Both methods of tax relief have their benefits. It’s a good idea to consult with a financial advisor, accountant or payroll specialist to see which type of scheme fits best with your employees as they have different implications on higher and lower paid employees.

Does the pension provider integrate with your payroll system?

Not all pension providers are integrated with all payroll software. While many pension providers offer integration with popular payroll software, existing integration depends on the specific pension provider and the payroll software being used by the employer.

You should check with your payroll software/service provider to see if they offer existing integration with the pension provider under consideration. If an existing integration is not in place, you may need to manually input the necessary data into the pension provider's system, an important point to take into consideration as this will have an impact on time as well as potentially increase the risk of errors with manual input.

Accessibility of information:

A pension provider should also make it easy for both you and your employees to access information about the scheme. This includes details about contributions, investment options, and the performance of the scheme.

Gone are the days where pensions were all paper-based and the investor could only access the information annually when their statement arrived or when request in writing. Many pension providers now offer digital pensions which means that members can view their pension ‘on-demand.’ With digital pensions, investors can make ad hoc contributions, amend their details and see how their pension is performing, online in real-time.

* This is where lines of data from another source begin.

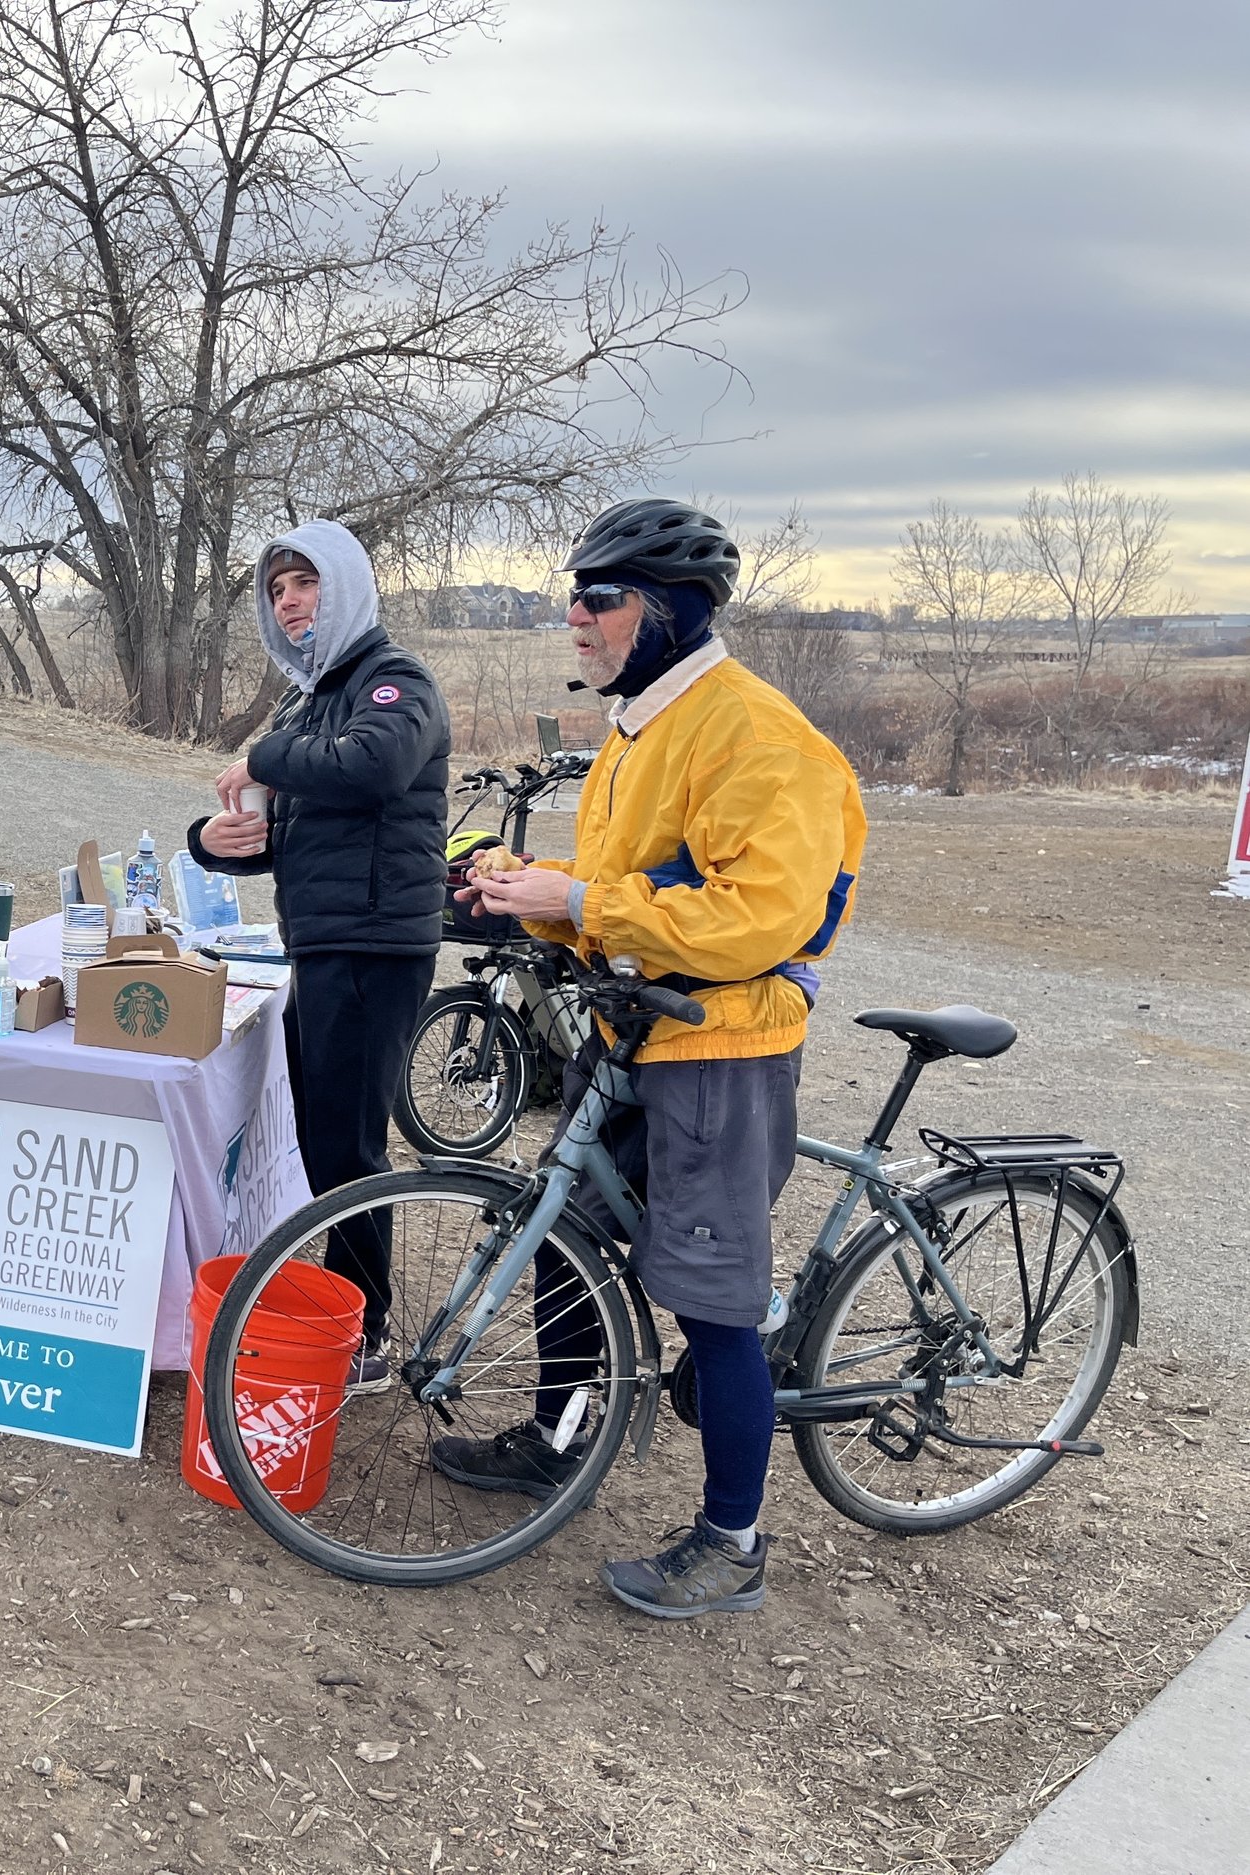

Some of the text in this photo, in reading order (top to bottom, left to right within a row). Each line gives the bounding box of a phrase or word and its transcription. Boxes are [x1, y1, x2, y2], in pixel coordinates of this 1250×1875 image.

[12, 1129, 140, 1194] SAND
[7, 1183, 134, 1243] CREEK
[3, 1230, 126, 1273] REGIONAL
[0, 1259, 125, 1302] GREENWAY
[60, 1306, 71, 1321] In
[74, 1309, 93, 1324] the
[95, 1312, 119, 1331] City
[40, 1345, 74, 1368] TO
[235, 1390, 260, 1419] HE
[251, 1426, 309, 1480] EPOT
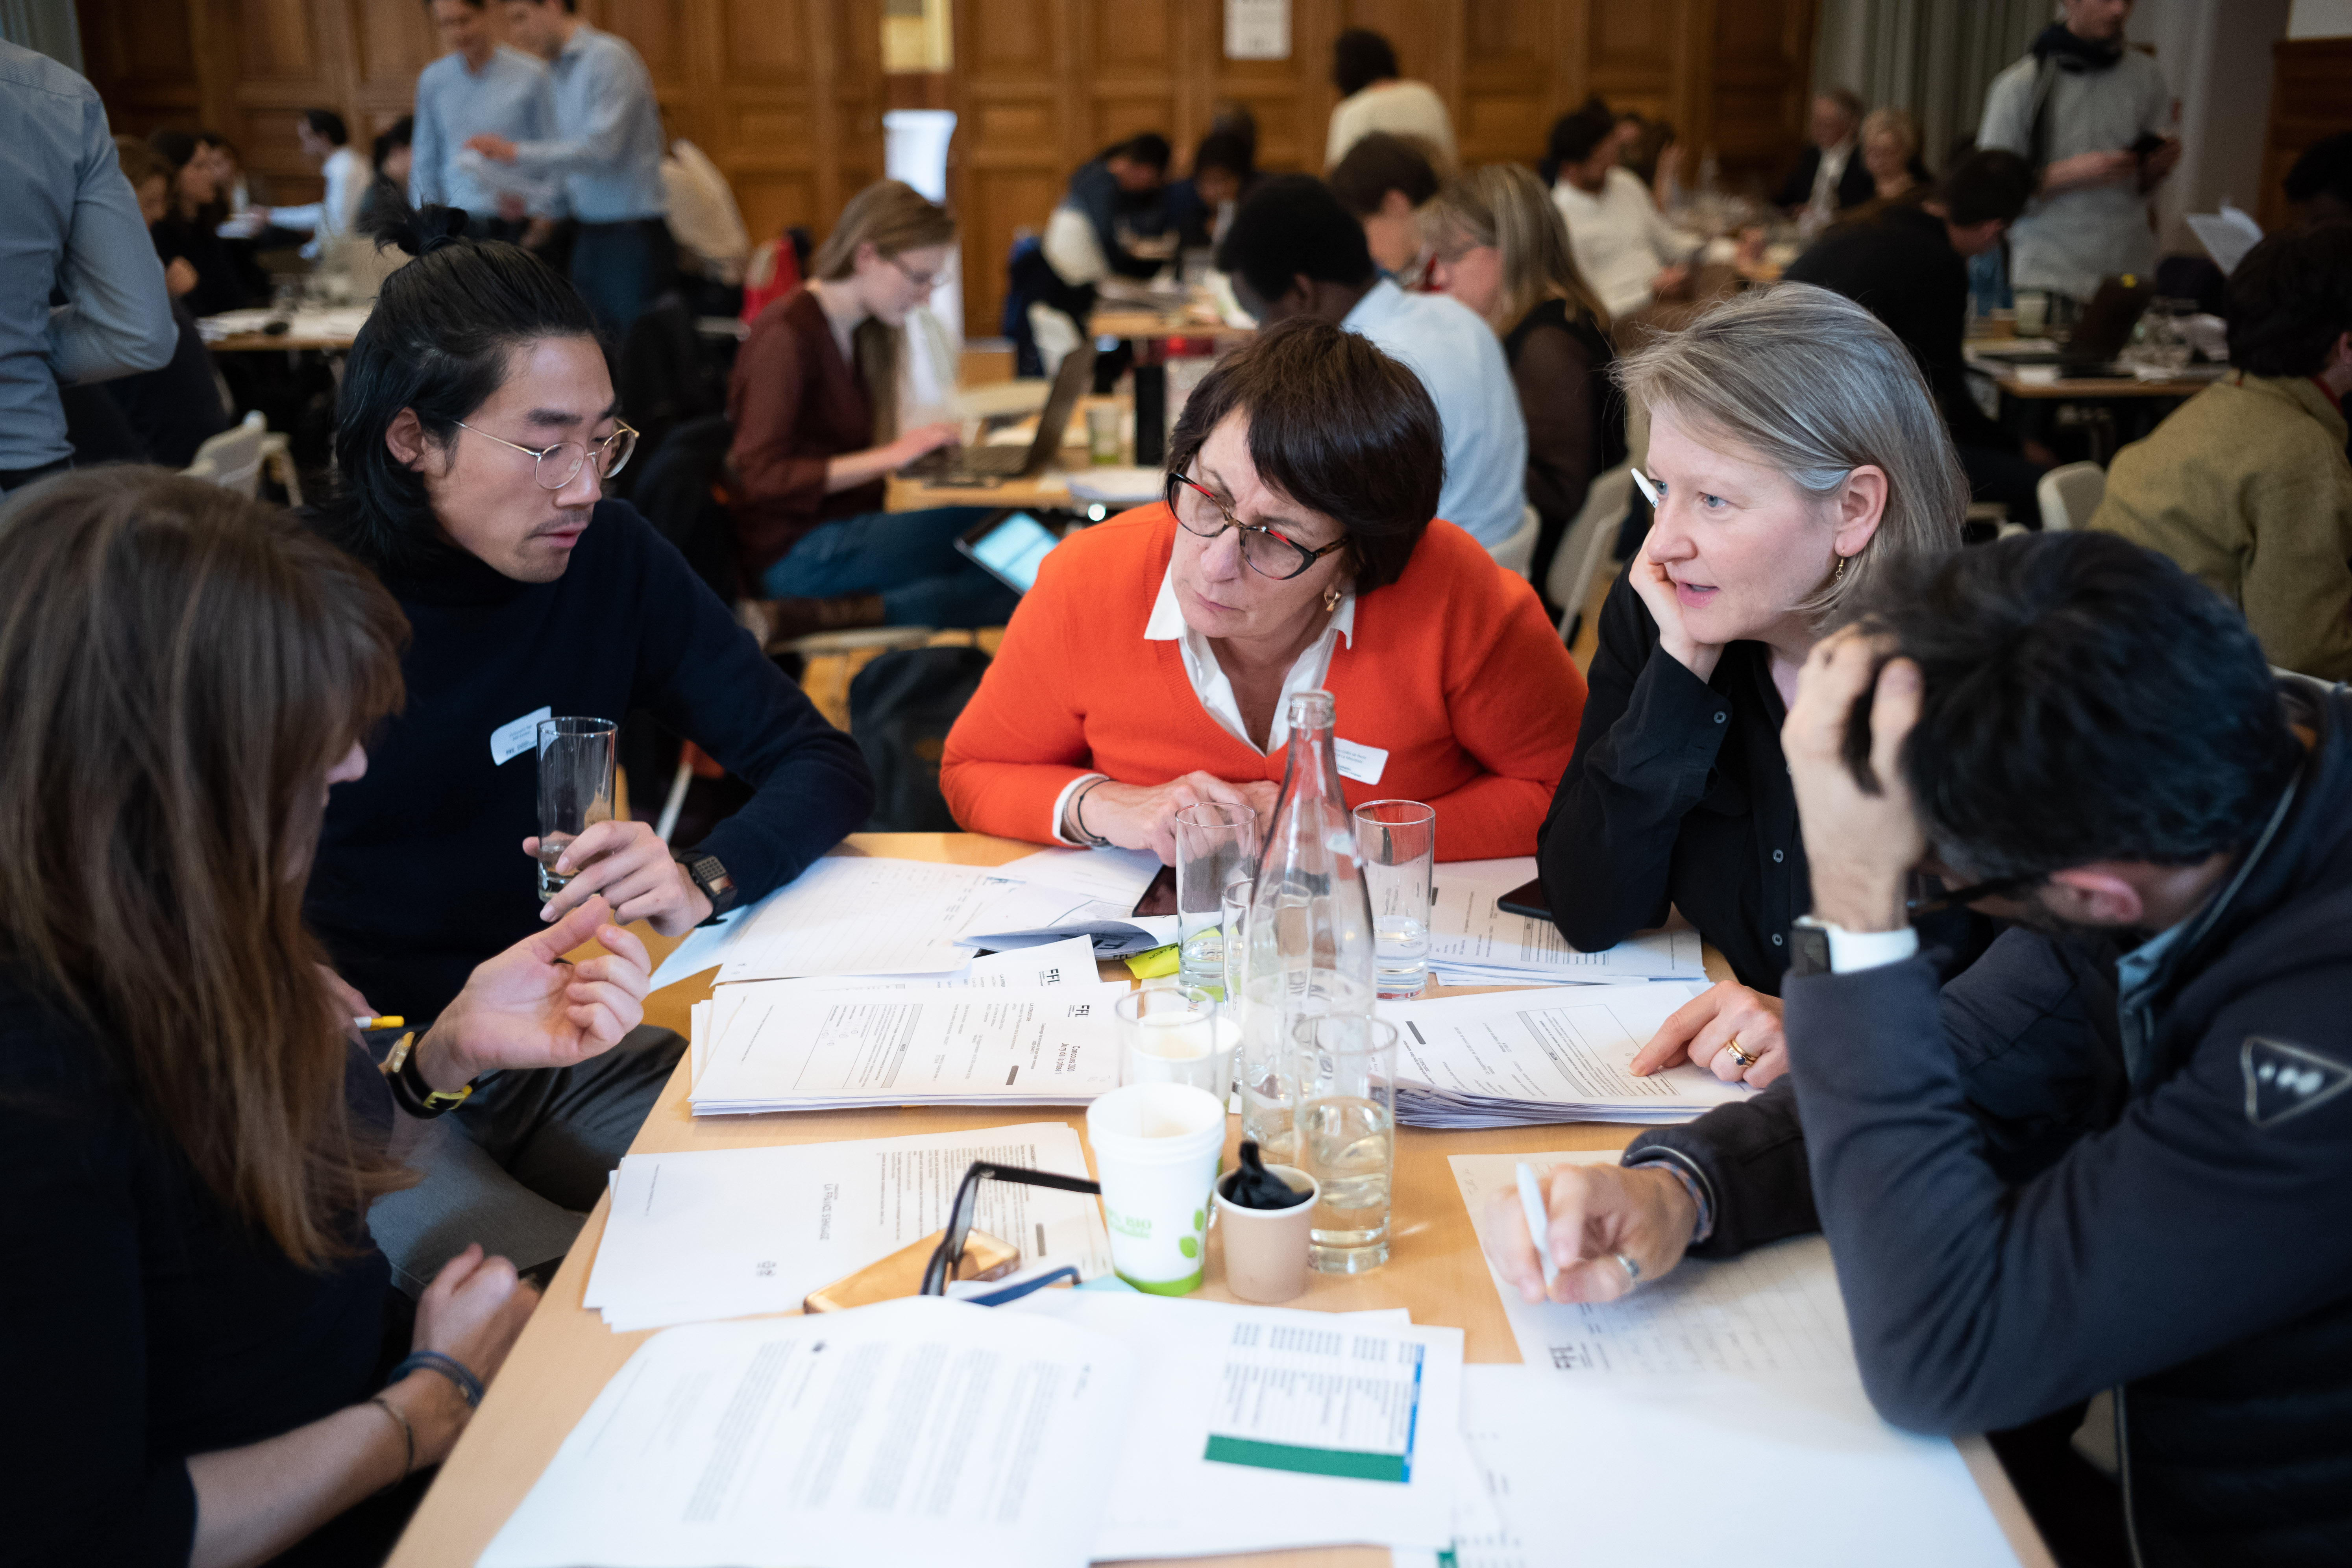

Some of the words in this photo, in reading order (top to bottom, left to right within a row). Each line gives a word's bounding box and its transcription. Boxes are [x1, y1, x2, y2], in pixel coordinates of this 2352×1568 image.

[1149, 949, 1167, 960] NEON
[1047, 969, 1061, 985] FFL
[1075, 1005, 1090, 1017] FFL
[1058, 1043, 1069, 1051] Jury
[1403, 1040, 1411, 1051] numérique
[1069, 1046, 1080, 1063] Concours
[1549, 1052, 1558, 1060] NOTES
[1055, 1061, 1064, 1071] phase
[1418, 1065, 1426, 1074] tiers-lieux
[822, 1192, 833, 1212] FRANCE
[820, 1214, 831, 1239] S'ENGAGE

Digital pensions offer greater transparency and make it easier for employees to handle their money. A consideration when choosing a workplace pension scheme is whether your employees will benefit from digital accessibility and which providers offer this functionality.

How does PayCaptain help?

PayCaptain integrates with Collegia which is a UK-based pension provider. Collegia offers combined auto-enrolment and personal pension plans. This means that employees can build their pension pot in one place.

Collegia’s solution also allows multiple employers to contribute to a members’ pension at the same time, which is extremely valuable if the employee has two or more part-time jobs.

Collegia are committed to socially responsible investing in ‘green pensions’ – which has a huge impact on reducing the employee’s carbon footprint.

PayCaptain is also working on integrations with other digital pension providers including Smart Pension and Penfold, with other integrations to follow. This will offer more choice to employers and employees.

To learn more about digital pensions, click here.

To access Money Helper's workplace pension contribution calculator, click here.

In summary, choosing the right pension provider for a workplace pension is crucial for UK employers. The right provider will offer a suitable pension scheme for the needs of the business and its employees; provide good customer service and be compliant with regulations.

Employers should consider factors such as charges, investment options, accessibility and ease of use, when selecting a pension provider.

By taking the time to choose the right provider, employers can ensure that their employees receive a good quality pension scheme, build financial resilience for the future and that the business complies with its legal obligations.